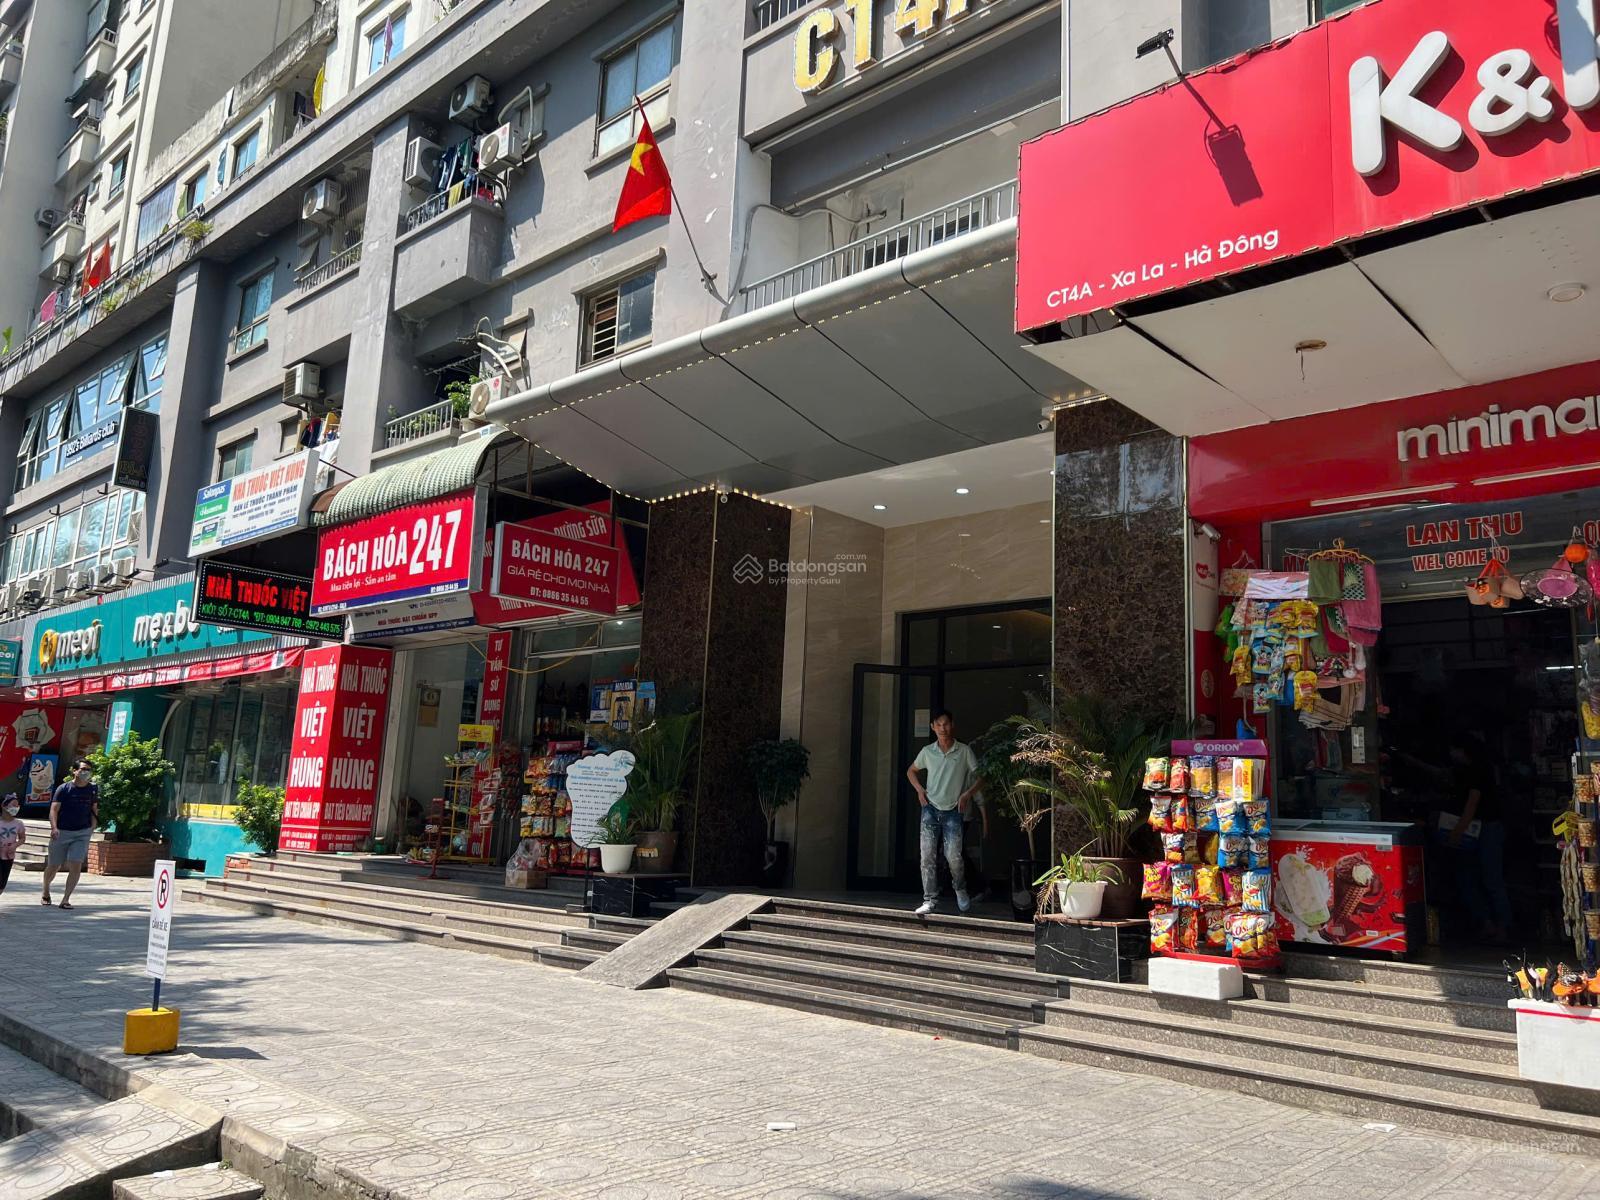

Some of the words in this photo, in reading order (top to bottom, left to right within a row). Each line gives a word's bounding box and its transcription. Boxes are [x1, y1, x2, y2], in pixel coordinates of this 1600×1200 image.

[1047, 282, 1093, 308] CT4A
[1111, 271, 1136, 291] Xa
[1142, 263, 1164, 281] La
[1184, 245, 1213, 269] Hà
[1218, 229, 1279, 259] Đông
[1397, 394, 1600, 462] minima
[323, 538, 370, 582] BÁCH
[371, 526, 408, 572] HÓA
[409, 508, 462, 576] 247
[1405, 519, 1460, 548] LAN
[1583, 519, 1600, 550] Q
[511, 538, 551, 566] BÁCH
[554, 547, 583, 573] HÓA
[585, 556, 610, 578] 247
[1411, 554, 1444, 573] WEL
[1445, 548, 1488, 569] COME
[206, 572, 232, 600] NHÀ
[238, 577, 279, 608] THUỐC
[281, 585, 309, 615] VIỆT
[330, 581, 342, 592] Mua
[507, 564, 526, 577] GIÁ
[527, 568, 543, 581] RẺ
[543, 571, 567, 586] CHO
[567, 575, 587, 590] MỌI
[587, 580, 611, 594] NHÀ
[301, 660, 317, 693] NHÀ
[316, 654, 337, 693] THUỐC
[340, 659, 359, 693] NHÀ
[359, 657, 388, 694] THUỐC
[300, 700, 327, 745] VIỆT
[342, 702, 376, 746] VIỆT
[1207, 743, 1240, 752] ORION
[290, 751, 324, 789] HÙNG
[330, 751, 375, 790] HÙNG

- - - - -

Repeat everything in the records above exactly; pictures are not part of the copy.

WRITTEN SOLUTION:
Some of the words in this photo, in reading order (top to bottom, left to right within a row). Each line gives a word's bounding box and its transcription. Boxes are [x1, y1, x2, y2], in pixel coordinates of this 1600×1200 image.

[1047, 282, 1093, 308] CT4A
[1111, 271, 1136, 291] Xa
[1142, 263, 1164, 281] La
[1184, 245, 1213, 269] Hà
[1218, 229, 1279, 259] Đông
[1397, 394, 1600, 462] minima
[323, 538, 370, 582] BÁCH
[371, 526, 408, 572] HÓA
[409, 508, 462, 576] 247
[1405, 519, 1460, 548] LAN
[1583, 519, 1600, 550] Q
[511, 538, 551, 566] BÁCH
[554, 547, 583, 573] HÓA
[585, 556, 610, 578] 247
[1411, 554, 1444, 573] WEL
[1445, 548, 1488, 569] COME
[206, 572, 232, 600] NHÀ
[238, 577, 279, 608] THUỐC
[281, 585, 309, 615] VIỆT
[330, 581, 342, 592] Mua
[507, 564, 526, 577] GIÁ
[527, 568, 543, 581] RẺ
[543, 571, 567, 586] CHO
[567, 575, 587, 590] MỌI
[587, 580, 611, 594] NHÀ
[301, 660, 317, 693] NHÀ
[316, 654, 337, 693] THUỐC
[340, 659, 359, 693] NHÀ
[359, 657, 388, 694] THUỐC
[300, 700, 327, 745] VIỆT
[342, 702, 376, 746] VIỆT
[1207, 743, 1240, 752] ORION
[290, 751, 324, 789] HÙNG
[330, 751, 375, 790] HÙNG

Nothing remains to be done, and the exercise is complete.